**Exercise**
Copy out the data exactly, leaving the pictures behind.

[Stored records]

^^^^

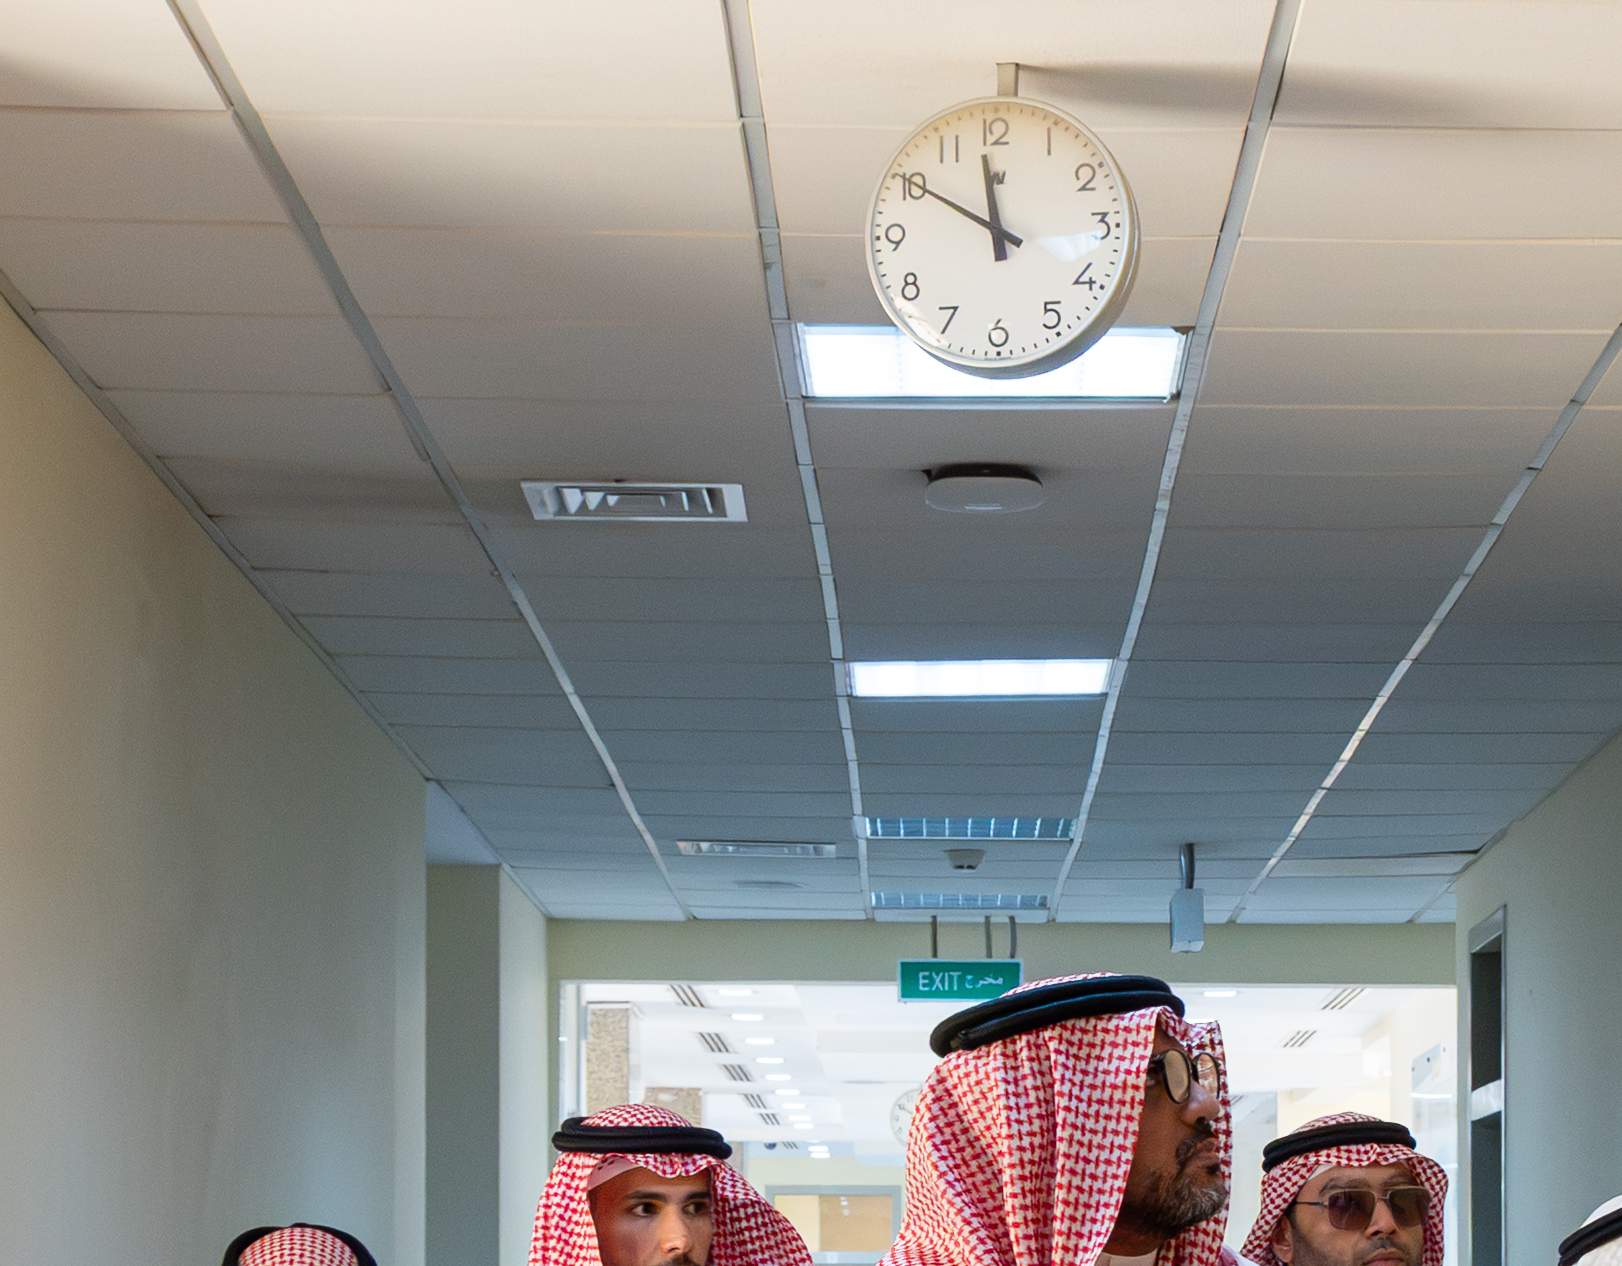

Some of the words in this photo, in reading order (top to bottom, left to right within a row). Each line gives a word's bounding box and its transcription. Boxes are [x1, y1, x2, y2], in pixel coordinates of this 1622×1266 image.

[982, 117, 1010, 147] 12
[1046, 126, 1052, 156] 1
[939, 134, 959, 164] 11
[901, 171, 927, 201] 10
[1075, 162, 1097, 193] 2
[884, 223, 906, 252] 9
[1090, 211, 1111, 241] 3
[901, 271, 921, 301] 8
[1071, 261, 1097, 292] 4
[938, 305, 960, 335] 7
[1042, 300, 1062, 330] 5
[988, 318, 1009, 348] 6
[918, 971, 962, 991] EXIT
[964, 973, 1004, 990] مخرج

^^^^

**The completed task**
Some of the words in this photo, in reading order (top to bottom, left to right within a row). Each line gives a word's bounding box and its transcription. Boxes are [x1, y1, x2, y2], in pixel coordinates of this 1622×1266 image.

[982, 117, 1010, 147] 12
[1046, 126, 1052, 156] 1
[939, 134, 959, 164] 11
[901, 171, 927, 201] 10
[1075, 162, 1097, 193] 2
[884, 223, 906, 252] 9
[1090, 211, 1111, 241] 3
[901, 271, 921, 301] 8
[1071, 261, 1097, 292] 4
[938, 305, 960, 335] 7
[1042, 300, 1062, 330] 5
[988, 318, 1009, 348] 6
[918, 971, 962, 991] EXIT
[964, 973, 1004, 990] مخرج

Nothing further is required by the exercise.